PROBLEM DESCRIPTION - An exact transcription of every record is needed.

LISTED ENTRIES -
┄┄┄┄┄┄┄┄┄┄┄┄┄┄┄┄┄┄┄┄

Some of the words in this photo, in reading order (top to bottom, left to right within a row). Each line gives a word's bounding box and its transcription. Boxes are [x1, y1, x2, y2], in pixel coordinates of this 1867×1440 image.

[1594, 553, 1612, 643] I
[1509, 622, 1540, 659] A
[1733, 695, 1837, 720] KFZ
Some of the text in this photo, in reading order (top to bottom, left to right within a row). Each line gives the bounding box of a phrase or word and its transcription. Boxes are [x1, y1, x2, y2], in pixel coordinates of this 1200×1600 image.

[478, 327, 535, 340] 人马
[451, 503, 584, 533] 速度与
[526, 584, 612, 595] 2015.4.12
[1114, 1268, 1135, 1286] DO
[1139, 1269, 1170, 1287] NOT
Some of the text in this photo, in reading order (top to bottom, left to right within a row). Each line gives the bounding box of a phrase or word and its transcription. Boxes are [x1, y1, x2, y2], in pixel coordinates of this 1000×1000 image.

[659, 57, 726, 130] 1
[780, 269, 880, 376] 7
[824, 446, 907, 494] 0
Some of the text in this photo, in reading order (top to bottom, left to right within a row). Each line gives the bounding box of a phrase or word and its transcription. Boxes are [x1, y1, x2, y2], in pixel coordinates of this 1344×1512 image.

┄┄┄┄┄┄┄┄┄┄┄┄┄┄┄┄┄┄┄┄

ANSWER TO THIS PROBLEM -
Some of the words in this photo, in reading order (top to bottom, left to right within a row). Each line gives a word's bounding box and its transcription. Boxes are [x1, y1, x2, y2], in pixel coordinates of this 1867×1440 image.

[1594, 553, 1612, 643] I
[1509, 622, 1540, 659] A
[1733, 695, 1837, 720] KFZ
Some of the text in this photo, in reading order (top to bottom, left to right within a row). Each line gives the bounding box of a phrase or word and its transcription. Boxes are [x1, y1, x2, y2], in pixel coordinates of this 1200×1600 image.

[478, 327, 535, 340] 人马
[451, 503, 584, 533] 速度与
[526, 584, 612, 595] 2015.4.12
[1114, 1268, 1135, 1286] DO
[1139, 1269, 1170, 1287] NOT
Some of the text in this photo, in reading order (top to bottom, left to right within a row). Each line gives the bounding box of a phrase or word and its transcription. Boxes are [x1, y1, x2, y2], in pixel coordinates of this 1000×1000 image.

[659, 57, 726, 130] 1
[780, 269, 880, 376] 7
[824, 446, 907, 494] 0
Some of the text in this photo, in reading order (top to bottom, left to right within a row). Each line gives the bounding box of a phrase or word and its transcription. Boxes are [x1, y1, x2, y2], in pixel coordinates of this 1344×1512 image.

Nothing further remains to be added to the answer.